Invert and Defend: Model-based Approximate Inversion of Generative Adversarial Network For Secure Inference
- Install pyenv from https://github.com/pyenv/pyenv#installation
- Create a directory for InvGAN:
mkdir <path-to-invgan>
cd <path-to-invgan>
git clone git@github.com:yogeshbalaji/InvGAN.git invgan
cd invgan
Now you should be in the project root directory.- Run the setup script
./setup.sh
- Download datasets:
python download_dataset.py mnist
python download_dataset.py f-mnist
python download_dataset.py cifar-10
Download the pre-trained gans and classifiers from the following links into the root directory:
Classifiers: https://drive.google.com/file/d/1wws8pvE2slWXGIcQt5QYlH4N78yNZ8lw/view?usp=sharing
MNIST: https://drive.google.com/file/d/1L_U8A_aKvmuLNo9hdz4IgEK7UQ8d5t10/view?usp=sharing
FMNIST: https://drive.google.com/file/d/1NkktHH7VDMk8A2pMz2XSDQwf2dFX59o0/view?usp=sharing
CIFAR10: https://drive.google.com/file/d/1NkktHH7VDMk8A2pMz2XSDQwf2dFX59o0/view?usp=sharing
Put the *.tar.gz
files in the root directory and run:
tar -xzvf classifiers.tar.gz
tar -xzvf mnist.tar.gz
tar -xzvf fmnist.tar.gz
tar -xzvf cifar10.tar.gz
These should create an output/
and classifiers/model
directories.
python train.py --cfg experiments/cfgs/gans_inv_notrain/mnist.yml --save_ds
python train.py --cfg experiments/cfgs/gans_inv_notrain/fmnist.yml --save_ds
python train.py --cfg experiments/cfgs/gans_inv_notrain/cifar_resnet.yml --save_ds
These scripts will normalize the datasets and save them in pickle files.
To reproduce the results of Table 2 run:
python whitebox.py --cfg experiments/cfgs/gans_inv_notrain/{mnist,fmnist,cifar_resnet}.yml \
--results_dir whitebox \
--attack_type {fgsm,cw,bpda,bpda-l2} \
--model A \
--load_classifier \
--defense_type defense_gan \
--rec_iters 1000 \
--debug
The defense_type is intentionally defense_gan
, the config file instructs the code
to use InvGAN. This will be fixed for the camera ready version.

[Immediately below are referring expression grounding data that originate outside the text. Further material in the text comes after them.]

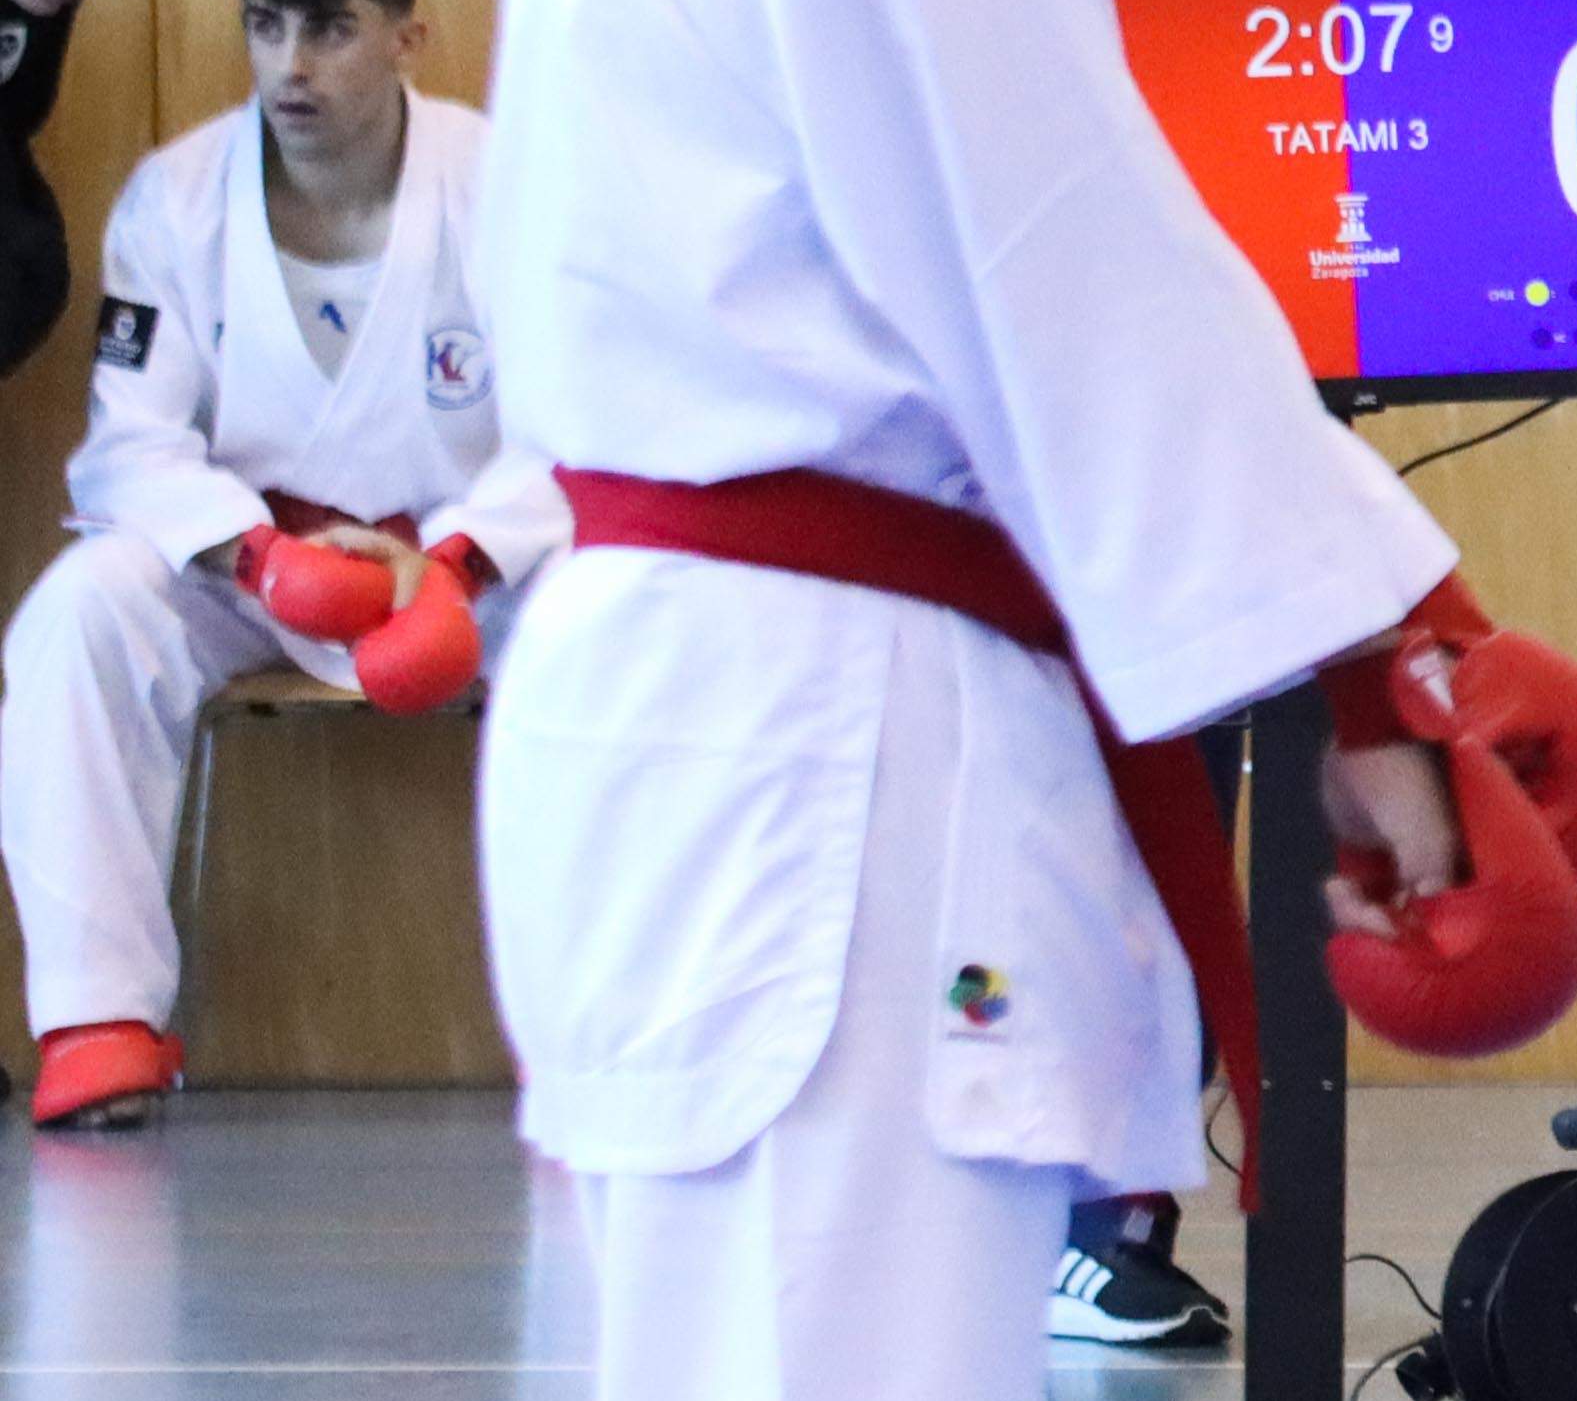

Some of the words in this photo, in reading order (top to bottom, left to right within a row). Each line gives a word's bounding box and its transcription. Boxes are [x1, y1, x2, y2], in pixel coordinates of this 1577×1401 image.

[1245, 3, 1413, 78] 2:07
[1428, 15, 1454, 53] 9
[1266, 119, 1398, 156] TATAMI
[1408, 119, 1429, 151] 3
[1309, 248, 1400, 266] Universidad

python whitebox.py --cfg experiments/cfgs/gans/{mnist,fmnist,cifar10_hinge_resnet}.yml \
--results_dir whitebox \
--attack_type {fgsm,cw,bpda,bpda-l2} \
--model A \
--load_classifier \
--defense_type defense_gan \
--debug
After running the whitebox experiments, the ROC results can be produced:
python plots/plot_ROC.py \
--pkl_file_adv results/gans_inv_notrain/{mnist,fmnist,cifar_resnet}/whitebox/0_model=A_orig_Iter=1000_RR=1_LR=0.0100_defense_ganattack={fgsm,cw,bpda,bpda-l2}_roc.pkl \
--pkl_file_clean results/gans_inv_notrain/{mnist,fmnist,cifar_resnet,celeba_resnet}/whitebox/0_model=A_orig_Iter=1000_RR=1_LR=0.0100_defense_ganattack={fgsm,cw,bpda,bpda-l2}_roc_clean.pkl
python plots/plot_ROC.py \
--pkl_file_adv results/gans/{mnist,fmnist,cifar10_hinge_resnet}/whitebox/0_model=A_orig_Iter=200_RR=10_LR=10.0000_defense_ganattack={fgsm,cw,bpda,bpda-l2}_roc.pkl \
--pkl_file_clean results/gans/{mnist,fmnist,cifar10_hinge_resnet}/whitebox/0_model=A_orig_Iter=200_RR=10_LR=10.0000_defense_ganattack={fgsm,cw,bpda,bpda-l2}_roc_clean.pkl
To train the inverter and the pre-trained models instead of the provided pre-trained models:
python train.py --cfg experiments/cfgs/gans_inv_notrain/{mnist,fmnist,cifar_resnet}.yml \
--is_train
The code for attacks are in whitebox.py
and blackbox.py
.
The code for the inverter is in model/gan_v2.py
.